§ **WHAT YOU NEED TO DO**
Through to the final line, write out the records below exactly, omitting any images they contain.
====
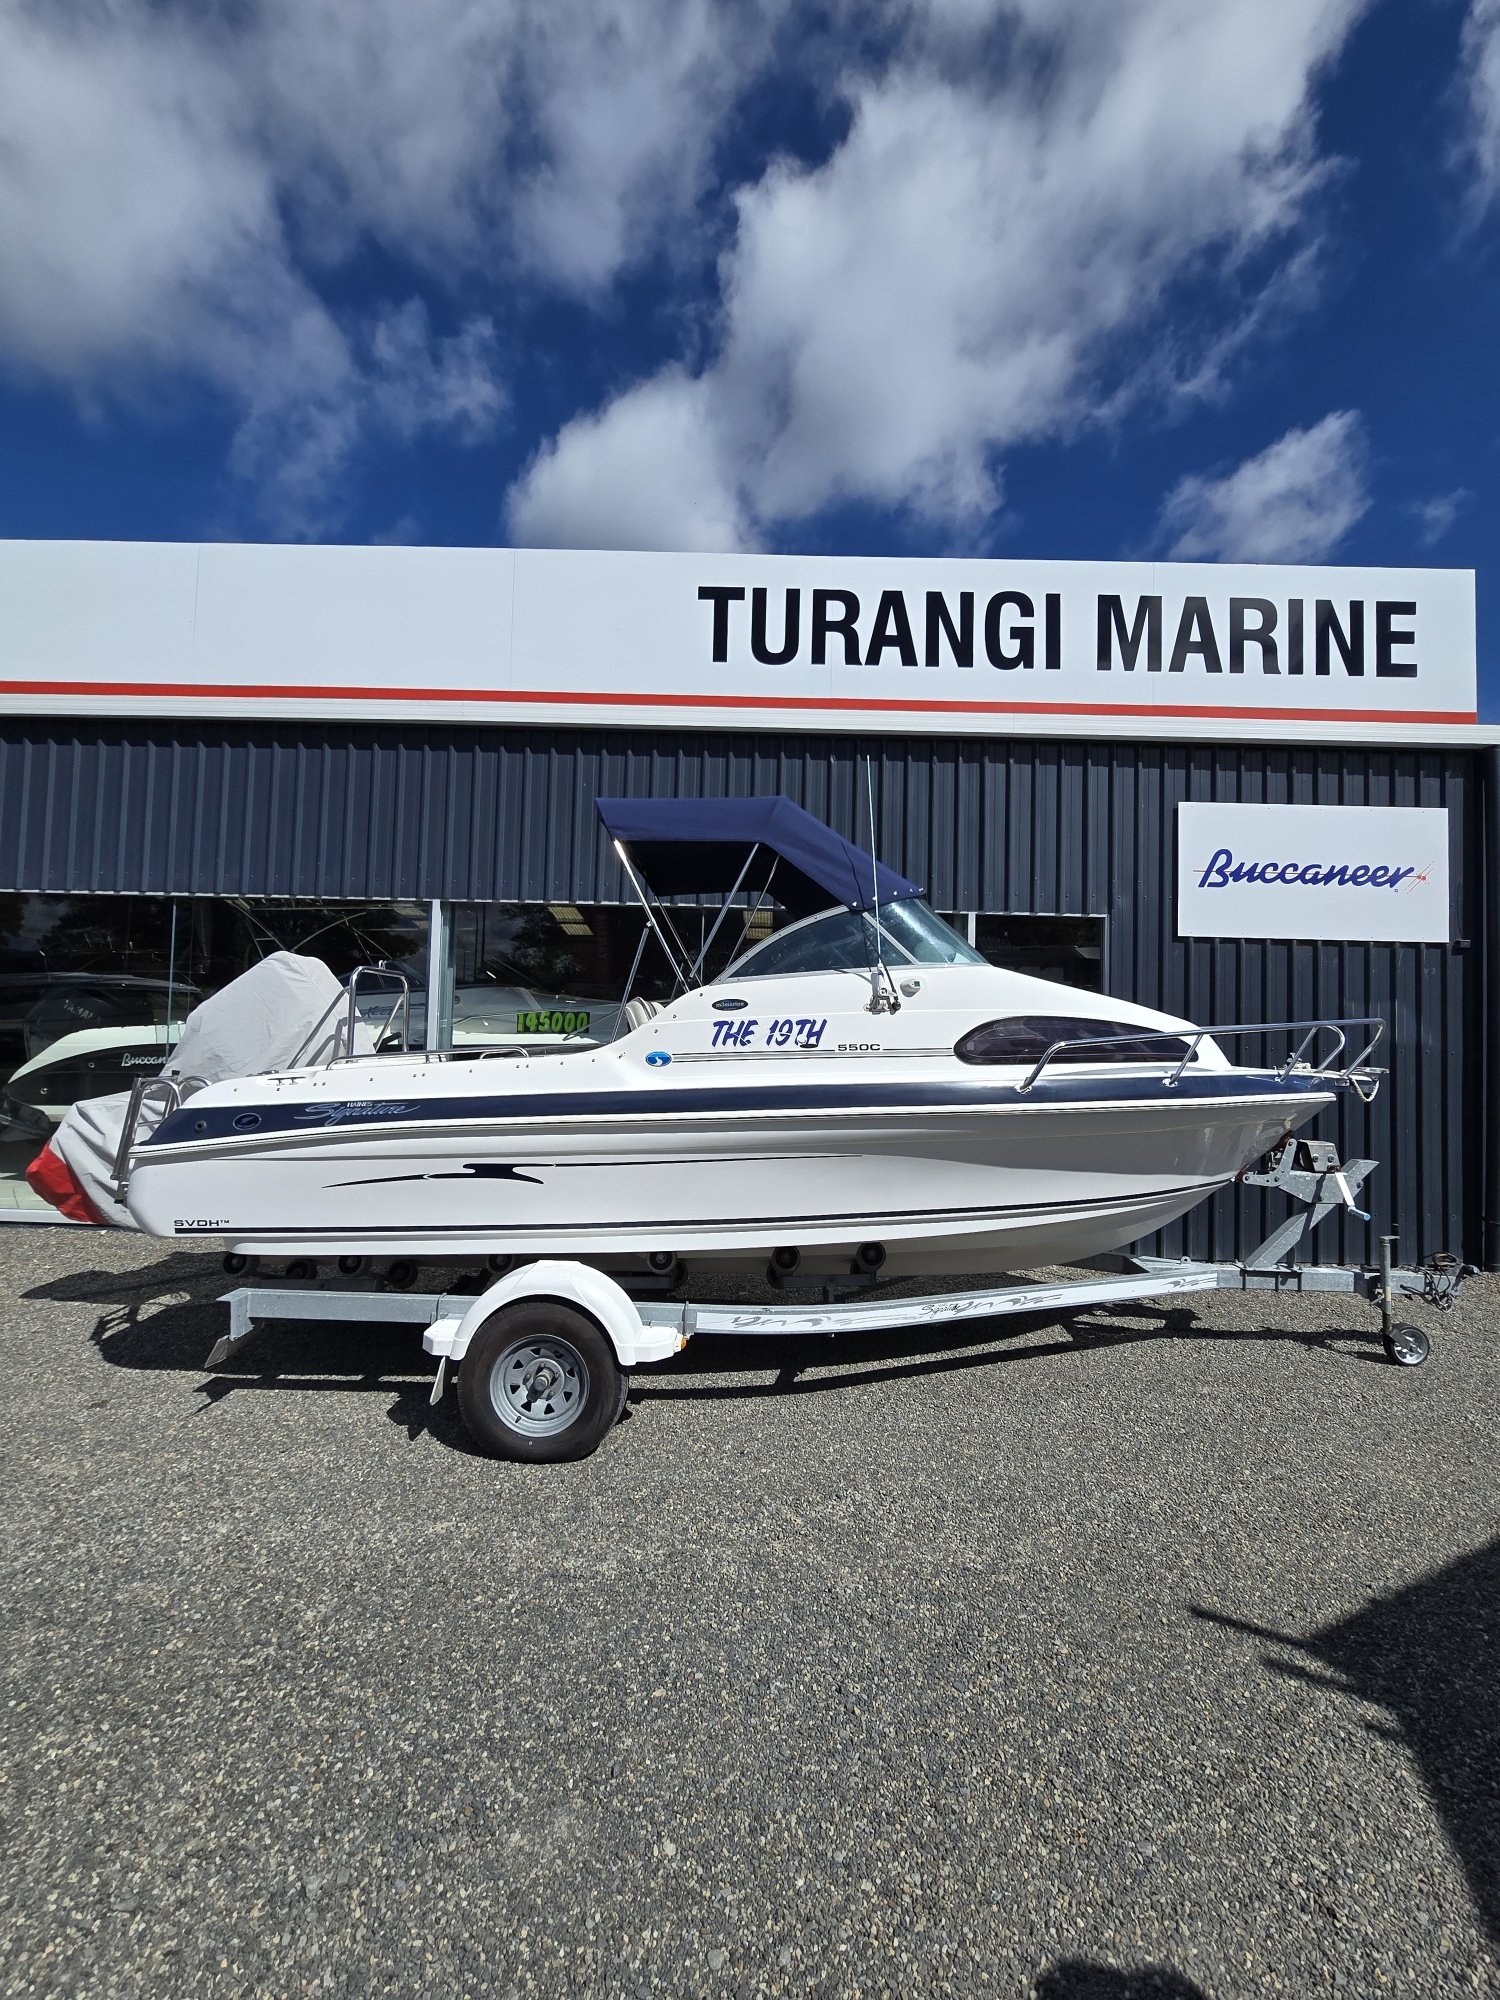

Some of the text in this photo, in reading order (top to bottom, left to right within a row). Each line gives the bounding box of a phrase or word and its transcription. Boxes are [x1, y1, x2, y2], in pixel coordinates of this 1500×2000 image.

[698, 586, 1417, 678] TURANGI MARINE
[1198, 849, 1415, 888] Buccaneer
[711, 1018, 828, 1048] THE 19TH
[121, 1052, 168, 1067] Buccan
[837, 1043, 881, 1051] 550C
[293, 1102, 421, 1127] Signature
====
§ **THE ANSWER**
Some of the text in this photo, in reading order (top to bottom, left to right within a row). Each line gives the bounding box of a phrase or word and its transcription. Boxes are [x1, y1, x2, y2], in pixel coordinates of this 1500×2000 image.

[698, 586, 1417, 678] TURANGI MARINE
[1198, 849, 1415, 888] Buccaneer
[711, 1018, 828, 1048] THE 19TH
[121, 1052, 168, 1067] Buccan
[837, 1043, 881, 1051] 550C
[293, 1102, 421, 1127] Signature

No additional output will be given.